-------- THE DATA

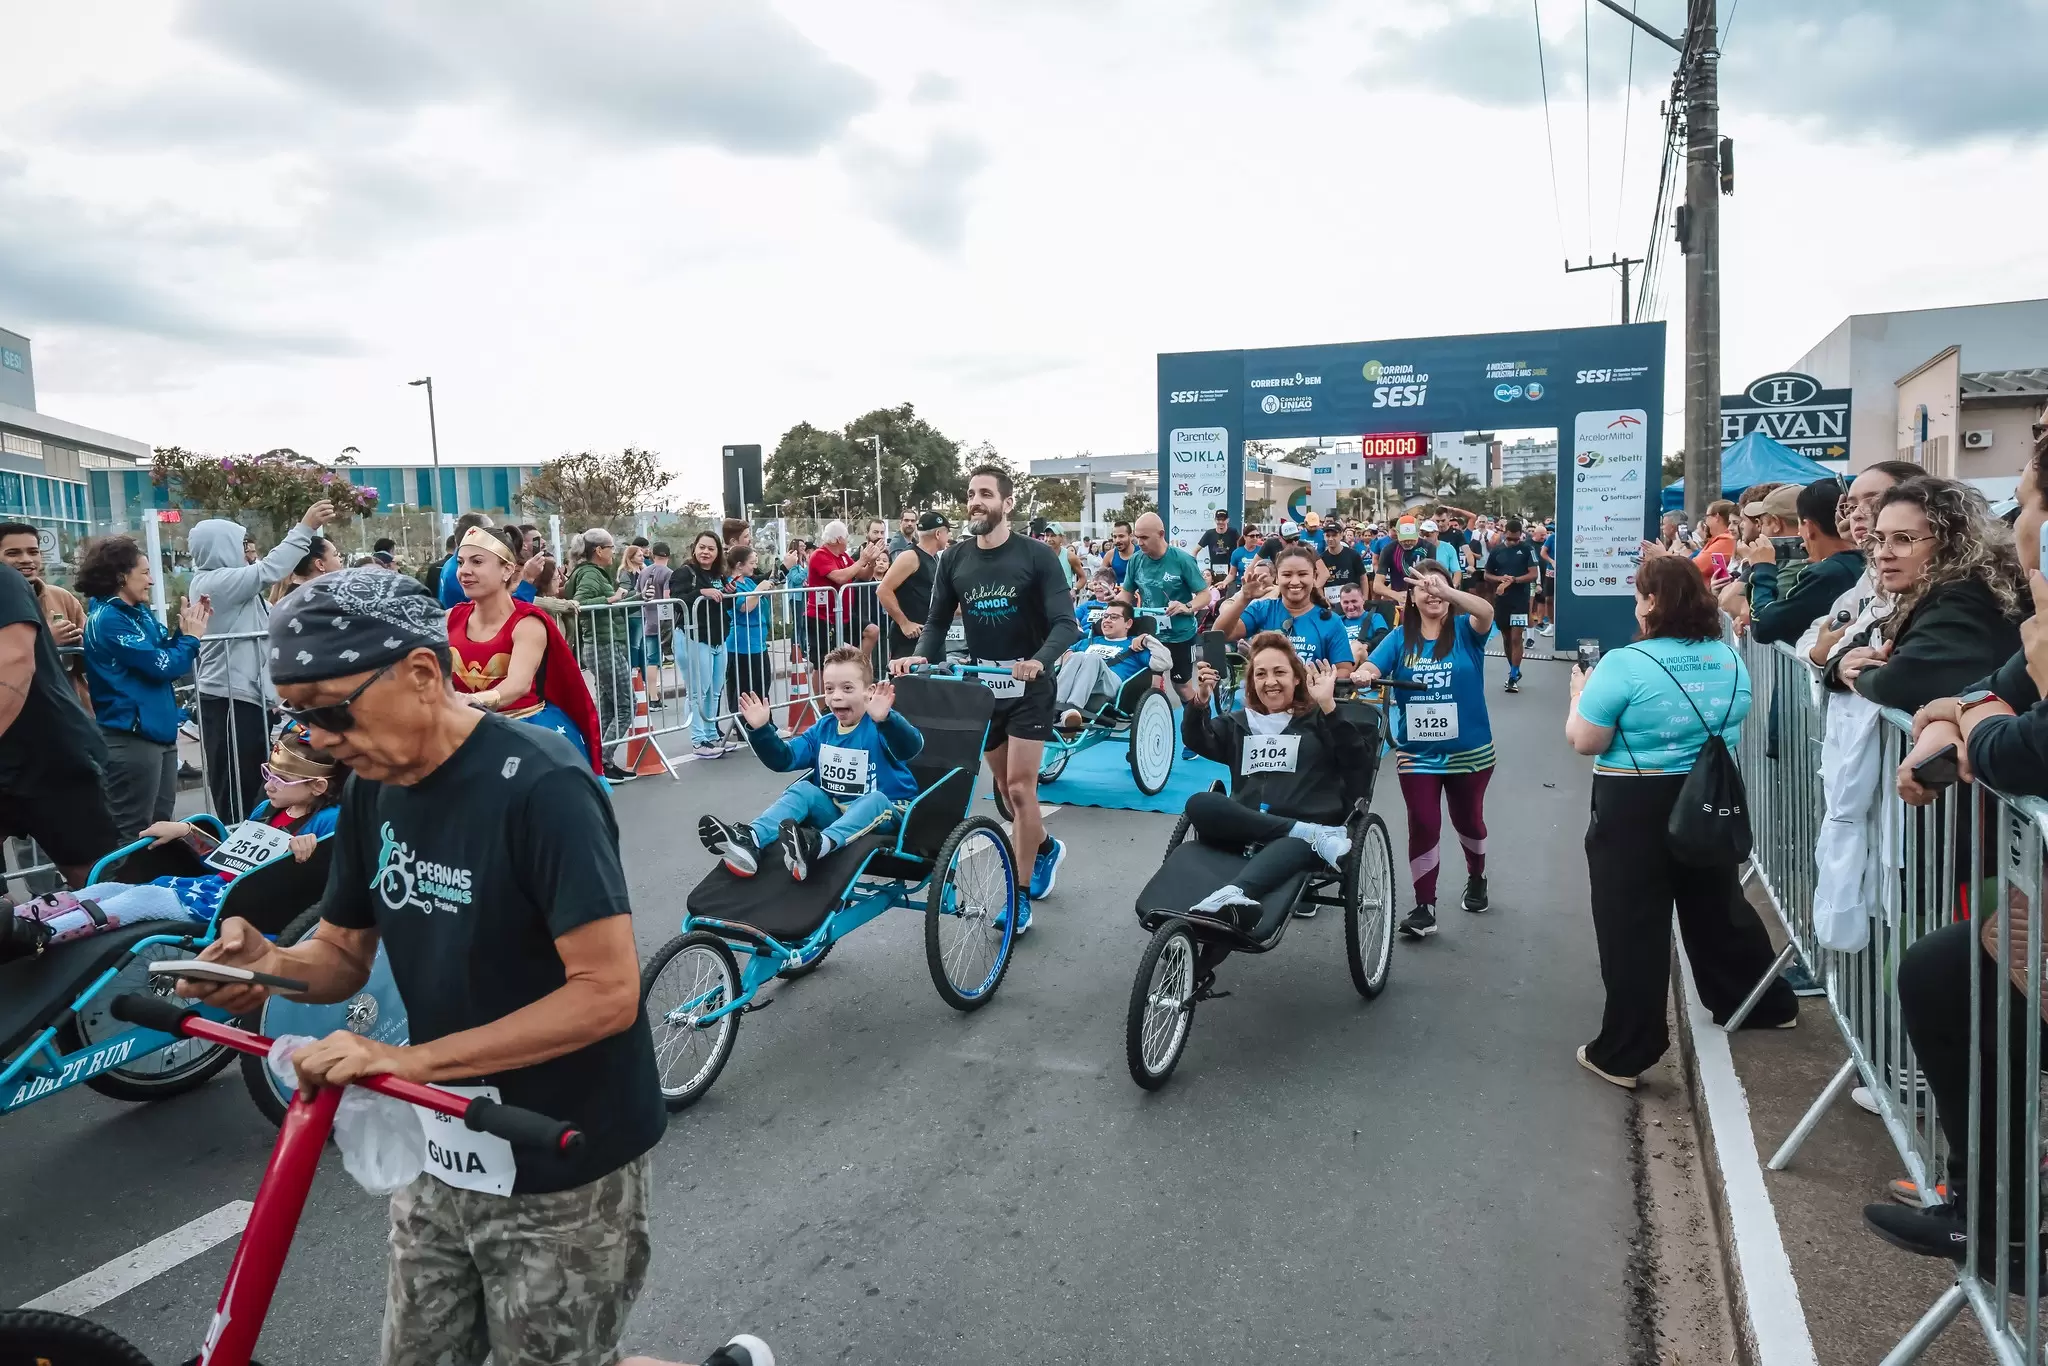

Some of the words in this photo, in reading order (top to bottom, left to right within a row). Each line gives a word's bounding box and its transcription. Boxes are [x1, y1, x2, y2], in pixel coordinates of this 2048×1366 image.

[1378, 364, 1413, 374] CORRIDA
[1250, 378, 1280, 388] CORRER
[1281, 378, 1294, 387] FAZ
[1305, 376, 1322, 385] BEM
[1377, 375, 1415, 385] NACIONAL
[1416, 374, 1429, 383] DO
[1771, 380, 1796, 403] H
[1721, 410, 1846, 441] HAVAN
[1177, 431, 1220, 442] Parentex
[1579, 432, 1634, 442] ArcelorMittal
[1202, 486, 1221, 494] FGM
[1443, 662, 1453, 670] DO
[988, 680, 1015, 689] GUIA
[1414, 718, 1448, 729] 3128
[1250, 747, 1287, 760] 3104
[1250, 761, 1287, 769] ANGELITA
[823, 764, 857, 781] 2505
[827, 782, 846, 792] THEO
[230, 839, 271, 863] 2510
[9, 1056, 89, 1107] ADAPT
[87, 1037, 136, 1075] RUN
[428, 1140, 487, 1174] GUIA

----------------

Because pictures are not wanted, give every entry above again exactly without them.

Some of the words in this photo, in reading order (top to bottom, left to right within a row). Each line gives a word's bounding box and its transcription. Boxes are [x1, y1, x2, y2], in pixel coordinates of this 2048×1366 image.

[1378, 364, 1413, 374] CORRIDA
[1250, 378, 1280, 388] CORRER
[1281, 378, 1294, 387] FAZ
[1305, 376, 1322, 385] BEM
[1377, 375, 1415, 385] NACIONAL
[1416, 374, 1429, 383] DO
[1771, 380, 1796, 403] H
[1721, 410, 1846, 441] HAVAN
[1177, 431, 1220, 442] Parentex
[1579, 432, 1634, 442] ArcelorMittal
[1202, 486, 1221, 494] FGM
[1443, 662, 1453, 670] DO
[988, 680, 1015, 689] GUIA
[1414, 718, 1448, 729] 3128
[1250, 747, 1287, 760] 3104
[1250, 761, 1287, 769] ANGELITA
[823, 764, 857, 781] 2505
[827, 782, 846, 792] THEO
[230, 839, 271, 863] 2510
[9, 1056, 89, 1107] ADAPT
[87, 1037, 136, 1075] RUN
[428, 1140, 487, 1174] GUIA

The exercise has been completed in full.